+++ INFORMATION SUPPLIED +++

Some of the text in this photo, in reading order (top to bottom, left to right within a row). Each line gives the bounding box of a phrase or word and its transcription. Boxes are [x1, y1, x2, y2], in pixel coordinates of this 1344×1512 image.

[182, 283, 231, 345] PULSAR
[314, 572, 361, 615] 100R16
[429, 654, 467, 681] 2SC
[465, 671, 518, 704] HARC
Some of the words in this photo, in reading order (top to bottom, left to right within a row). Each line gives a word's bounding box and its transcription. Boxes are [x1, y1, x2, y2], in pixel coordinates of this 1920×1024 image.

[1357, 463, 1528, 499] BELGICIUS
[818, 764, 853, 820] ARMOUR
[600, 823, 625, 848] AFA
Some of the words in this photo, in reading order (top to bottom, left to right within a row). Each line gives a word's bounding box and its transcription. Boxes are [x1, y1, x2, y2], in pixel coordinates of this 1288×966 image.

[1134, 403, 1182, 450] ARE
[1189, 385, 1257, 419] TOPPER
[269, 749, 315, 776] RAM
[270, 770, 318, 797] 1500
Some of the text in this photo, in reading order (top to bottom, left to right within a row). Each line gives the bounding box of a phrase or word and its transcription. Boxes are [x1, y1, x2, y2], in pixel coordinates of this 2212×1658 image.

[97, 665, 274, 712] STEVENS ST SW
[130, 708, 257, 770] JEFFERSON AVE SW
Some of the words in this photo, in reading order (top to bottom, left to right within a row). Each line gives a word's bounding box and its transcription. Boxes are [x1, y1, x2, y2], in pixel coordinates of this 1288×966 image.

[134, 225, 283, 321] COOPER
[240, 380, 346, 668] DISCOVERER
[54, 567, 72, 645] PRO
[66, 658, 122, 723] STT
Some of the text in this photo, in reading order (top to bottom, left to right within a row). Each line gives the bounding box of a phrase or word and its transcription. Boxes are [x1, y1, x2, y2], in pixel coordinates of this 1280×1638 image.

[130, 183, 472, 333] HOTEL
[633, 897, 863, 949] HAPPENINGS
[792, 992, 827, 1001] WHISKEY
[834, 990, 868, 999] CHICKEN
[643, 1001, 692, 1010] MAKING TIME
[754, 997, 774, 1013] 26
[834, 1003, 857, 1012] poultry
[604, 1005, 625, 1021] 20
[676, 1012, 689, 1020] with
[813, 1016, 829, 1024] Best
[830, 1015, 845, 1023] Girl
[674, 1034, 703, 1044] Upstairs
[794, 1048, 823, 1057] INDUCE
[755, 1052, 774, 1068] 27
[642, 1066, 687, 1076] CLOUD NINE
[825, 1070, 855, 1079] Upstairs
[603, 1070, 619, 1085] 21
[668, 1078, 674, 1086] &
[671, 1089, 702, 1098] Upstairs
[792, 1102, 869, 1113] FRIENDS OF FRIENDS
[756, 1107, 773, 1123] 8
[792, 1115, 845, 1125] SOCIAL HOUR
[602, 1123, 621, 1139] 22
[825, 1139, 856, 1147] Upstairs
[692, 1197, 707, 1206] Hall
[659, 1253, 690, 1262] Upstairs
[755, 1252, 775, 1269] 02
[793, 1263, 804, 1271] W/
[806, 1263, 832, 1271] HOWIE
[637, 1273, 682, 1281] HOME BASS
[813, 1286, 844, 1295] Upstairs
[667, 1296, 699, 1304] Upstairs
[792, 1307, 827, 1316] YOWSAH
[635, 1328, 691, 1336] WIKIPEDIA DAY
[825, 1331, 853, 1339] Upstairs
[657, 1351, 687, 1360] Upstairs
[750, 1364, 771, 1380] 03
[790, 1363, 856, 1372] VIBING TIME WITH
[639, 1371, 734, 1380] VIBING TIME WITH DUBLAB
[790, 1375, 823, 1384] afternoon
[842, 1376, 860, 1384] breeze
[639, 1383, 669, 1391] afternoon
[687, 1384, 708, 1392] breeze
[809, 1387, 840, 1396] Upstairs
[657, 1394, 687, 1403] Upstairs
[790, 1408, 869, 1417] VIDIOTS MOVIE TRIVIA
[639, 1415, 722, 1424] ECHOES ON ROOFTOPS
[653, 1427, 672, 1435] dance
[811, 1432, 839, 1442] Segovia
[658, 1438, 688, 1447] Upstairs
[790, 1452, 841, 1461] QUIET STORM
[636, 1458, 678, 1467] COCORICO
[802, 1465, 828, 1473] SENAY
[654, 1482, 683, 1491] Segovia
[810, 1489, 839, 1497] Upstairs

+++

PROBLEM:
Print out every record, character for character.

EXERCISE ANSWER:
Some of the text in this photo, in reading order (top to bottom, left to right within a row). Each line gives the bounding box of a phrase or word and its transcription. Boxes are [x1, y1, x2, y2], in pixel coordinates of this 1344×1512 image.

[182, 283, 231, 345] PULSAR
[314, 572, 361, 615] 100R16
[429, 654, 467, 681] 2SC
[465, 671, 518, 704] HARC
Some of the words in this photo, in reading order (top to bottom, left to right within a row). Each line gives a word's bounding box and its transcription. Boxes are [x1, y1, x2, y2], in pixel coordinates of this 1920×1024 image.

[1357, 463, 1528, 499] BELGICIUS
[818, 764, 853, 820] ARMOUR
[600, 823, 625, 848] AFA
Some of the words in this photo, in reading order (top to bottom, left to right within a row). Each line gives a word's bounding box and its transcription. Boxes are [x1, y1, x2, y2], in pixel coordinates of this 1288×966 image.

[1134, 403, 1182, 450] ARE
[1189, 385, 1257, 419] TOPPER
[269, 749, 315, 776] RAM
[270, 770, 318, 797] 1500
Some of the text in this photo, in reading order (top to bottom, left to right within a row). Each line gives the bounding box of a phrase or word and its transcription. Boxes are [x1, y1, x2, y2], in pixel coordinates of this 2212×1658 image.

[97, 665, 274, 712] STEVENS ST SW
[130, 708, 257, 770] JEFFERSON AVE SW
Some of the words in this photo, in reading order (top to bottom, left to right within a row). Each line gives a word's bounding box and its transcription. Boxes are [x1, y1, x2, y2], in pixel coordinates of this 1288×966 image.

[134, 225, 283, 321] COOPER
[240, 380, 346, 668] DISCOVERER
[54, 567, 72, 645] PRO
[66, 658, 122, 723] STT
Some of the text in this photo, in reading order (top to bottom, left to right within a row). Each line gives the bounding box of a phrase or word and its transcription. Boxes are [x1, y1, x2, y2], in pixel coordinates of this 1280×1638 image.

[130, 183, 472, 333] HOTEL
[633, 897, 863, 949] HAPPENINGS
[792, 992, 827, 1001] WHISKEY
[834, 990, 868, 999] CHICKEN
[643, 1001, 692, 1010] MAKING TIME
[754, 997, 774, 1013] 26
[834, 1003, 857, 1012] poultry
[604, 1005, 625, 1021] 20
[676, 1012, 689, 1020] with
[813, 1016, 829, 1024] Best
[830, 1015, 845, 1023] Girl
[674, 1034, 703, 1044] Upstairs
[794, 1048, 823, 1057] INDUCE
[755, 1052, 774, 1068] 27
[642, 1066, 687, 1076] CLOUD NINE
[825, 1070, 855, 1079] Upstairs
[603, 1070, 619, 1085] 21
[668, 1078, 674, 1086] &
[671, 1089, 702, 1098] Upstairs
[792, 1102, 869, 1113] FRIENDS OF FRIENDS
[756, 1107, 773, 1123] 8
[792, 1115, 845, 1125] SOCIAL HOUR
[602, 1123, 621, 1139] 22
[825, 1139, 856, 1147] Upstairs
[692, 1197, 707, 1206] Hall
[659, 1253, 690, 1262] Upstairs
[755, 1252, 775, 1269] 02
[793, 1263, 804, 1271] W/
[806, 1263, 832, 1271] HOWIE
[637, 1273, 682, 1281] HOME BASS
[813, 1286, 844, 1295] Upstairs
[667, 1296, 699, 1304] Upstairs
[792, 1307, 827, 1316] YOWSAH
[635, 1328, 691, 1336] WIKIPEDIA DAY
[825, 1331, 853, 1339] Upstairs
[657, 1351, 687, 1360] Upstairs
[750, 1364, 771, 1380] 03
[790, 1363, 856, 1372] VIBING TIME WITH
[639, 1371, 734, 1380] VIBING TIME WITH DUBLAB
[790, 1375, 823, 1384] afternoon
[842, 1376, 860, 1384] breeze
[639, 1383, 669, 1391] afternoon
[687, 1384, 708, 1392] breeze
[809, 1387, 840, 1396] Upstairs
[657, 1394, 687, 1403] Upstairs
[790, 1408, 869, 1417] VIDIOTS MOVIE TRIVIA
[639, 1415, 722, 1424] ECHOES ON ROOFTOPS
[653, 1427, 672, 1435] dance
[811, 1432, 839, 1442] Segovia
[658, 1438, 688, 1447] Upstairs
[790, 1452, 841, 1461] QUIET STORM
[636, 1458, 678, 1467] COCORICO
[802, 1465, 828, 1473] SENAY
[654, 1482, 683, 1491] Segovia
[810, 1489, 839, 1497] Upstairs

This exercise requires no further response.